Law in the Internet Society
-- DavidKellam

Academia has long considered itself a platform for change and revolutionary thought. However, some disastrous failure has resulted in the obviation of the most important conversation of our time. A critical discussion involving the current trajectory of internet privacy and data consumption has not been explored sufficiently in the academic setting in which it might best be had.

This is evident in my generation’s mainstream attitude towards the impending extinction of privacy and the internet activity that empowers it: sure, we are tracked and monitored; our online identity is auctioned to interests we will not identify with motives we cannot know. So what? I’m not doing anything wrong.

Unfortunately, this is about as robust a conversation on data privacy as one will find in a university hallway. This lethal acquiescence has taken place because the potential misuse of our personal information is not a topic with which my contemporaries are informed. However, some historical highlights of our internet, and our government’s attitude towards it, might make the smart-phone generation a bit less trusting of the current scheme.

Examples of Federal and Corporate Misuse

During the 90’s, several parties had dramatically different fantasies concerning the privacy of our online future, and the debate over encryption took its first form. Generally, privacy advocates argued for accessible encryption to offset the consequences of an inherently insecure structure, while others feared that an encrypted internet would provide too available a platform for organized criminals.
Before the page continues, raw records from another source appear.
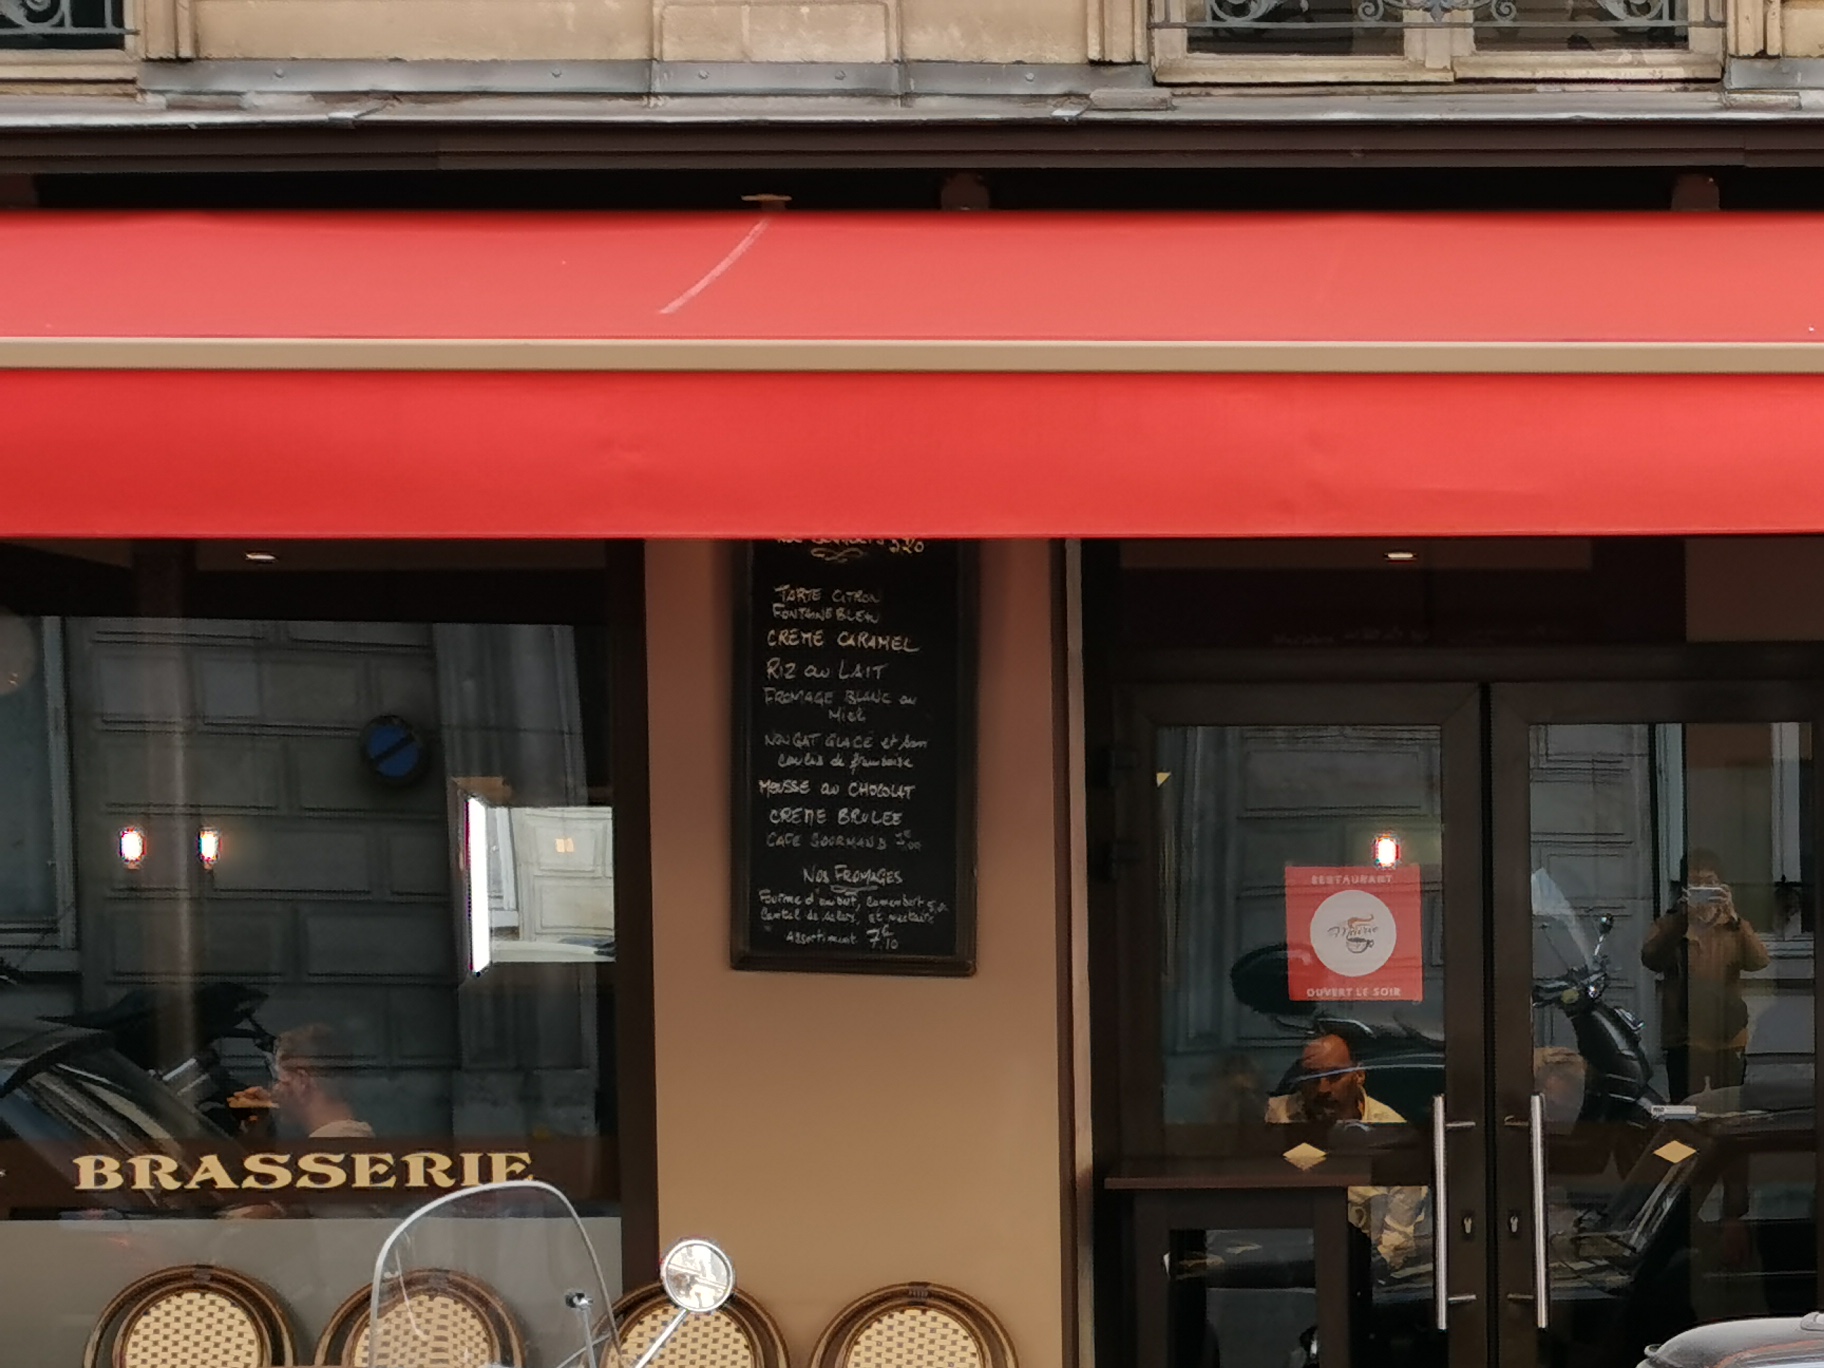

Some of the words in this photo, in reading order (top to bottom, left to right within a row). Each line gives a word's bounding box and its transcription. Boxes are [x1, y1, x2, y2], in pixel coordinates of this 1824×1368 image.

[837, 631, 920, 652] CARAMEL
[838, 659, 889, 680] LAIT
[1306, 987, 1353, 998] OUVERT
[1373, 987, 1402, 998] SOIR
[73, 1151, 535, 1191] BRASSERIE
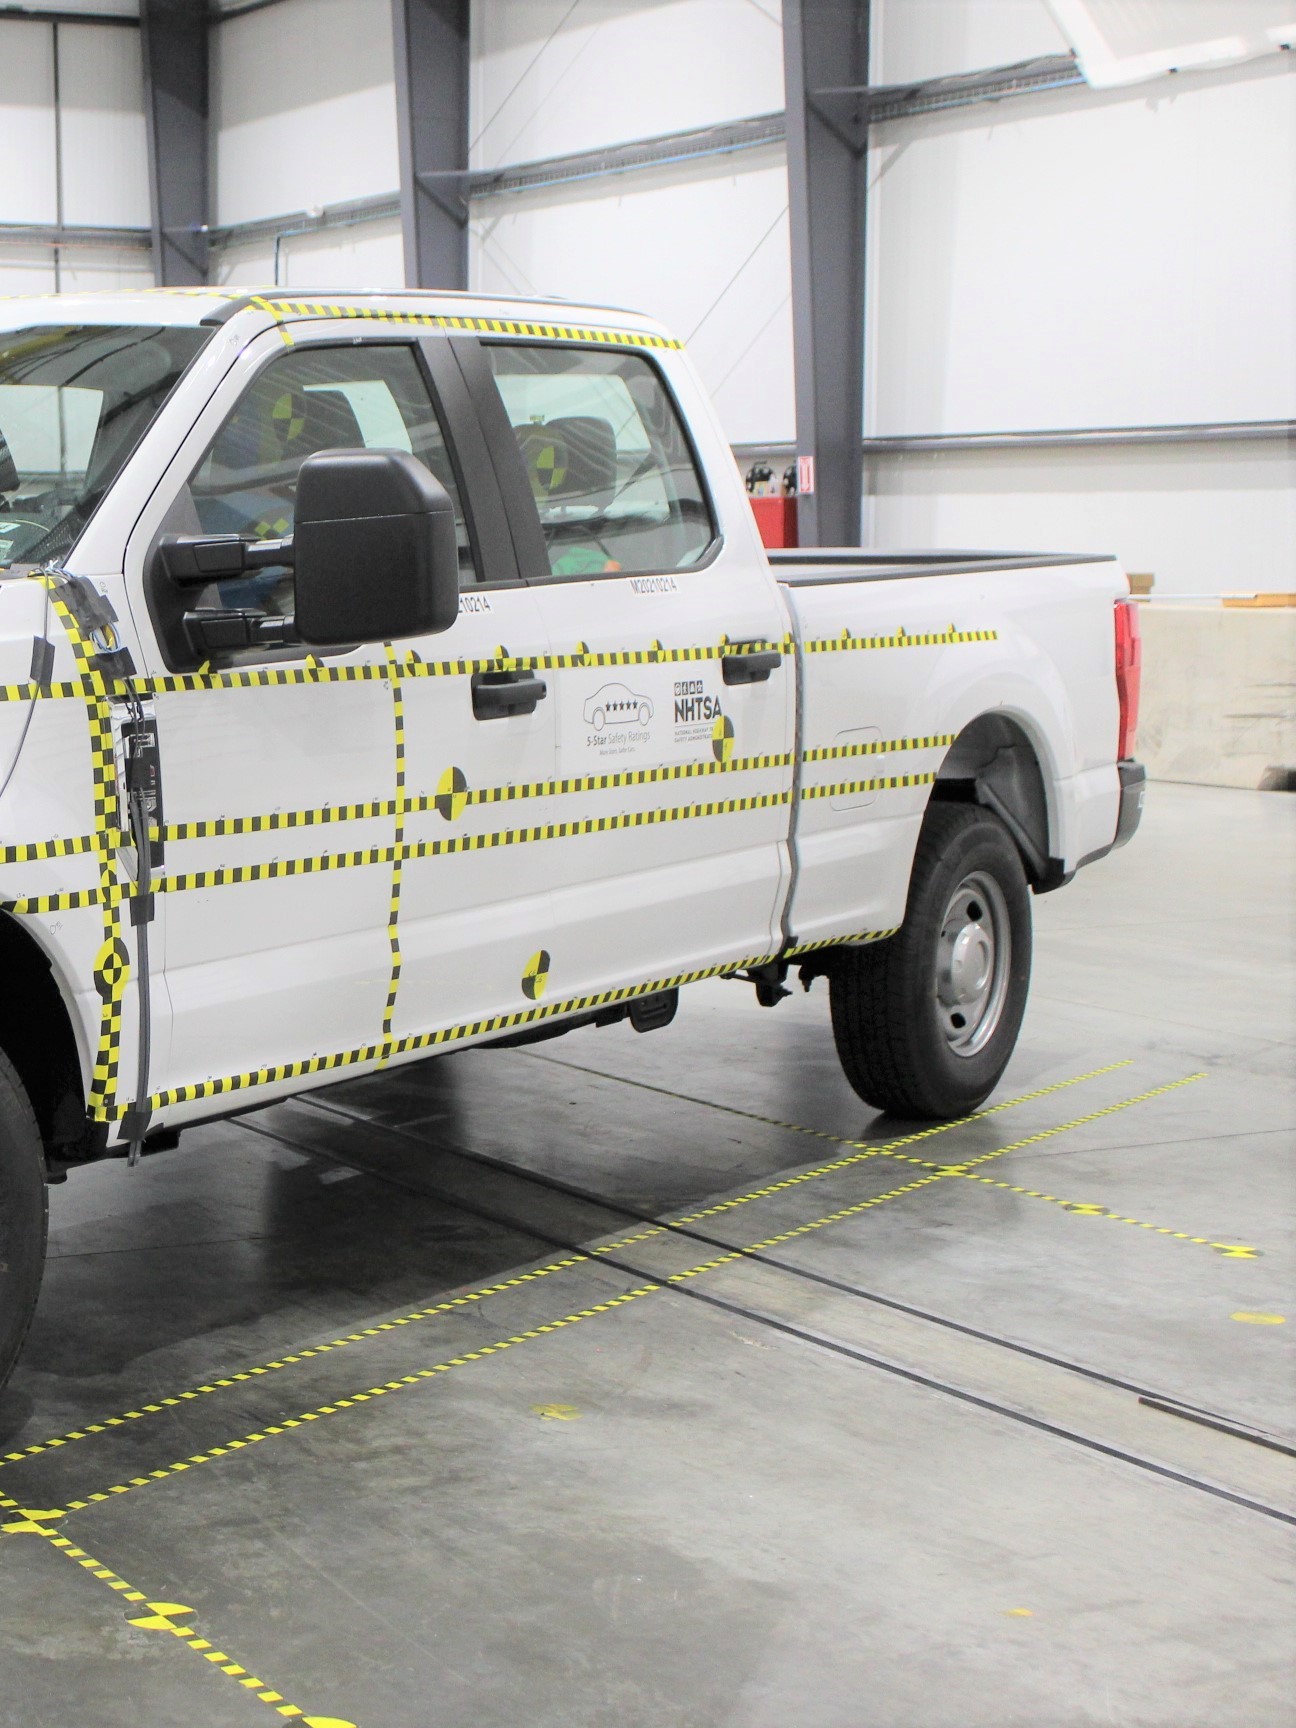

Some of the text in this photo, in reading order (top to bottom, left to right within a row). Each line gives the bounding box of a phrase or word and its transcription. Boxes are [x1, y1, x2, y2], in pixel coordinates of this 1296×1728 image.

Ultimately, it appeared, privacy advocates were successful, and a new standard was born on the U.S. network.

However, the United States implemented export controls on new encryption software to keep it from the international community, and, essentially, to fill other networks with substandard encryption to which the U.S. would have access. While many of these policies were reversed towards the end of Clinton’s presidency and the (alleged) end of the Pyrrhic Crypto Wars, international consumers are still subject to insecurity because protocols stemming from these regulations remain in the default settings of many online systems, and commonplace cybercriminals are now able to exploit these vulnerabilities.

It isn’t just the vestige of 90’s security vulnerabilities that negatively impact our modern internet environment. Unbeknownst to many of my peers, the NSA continues to undermine encryption standards through these formerly implemented backdoors, intrusion into VPNs, NSA roving bugs, etcetera. Furthermore, federally accepted channels of data merchandising have constructed economies of our most private information, and, generally, none of our browsing, purchasing behavior, or information gathering goes unmonitored.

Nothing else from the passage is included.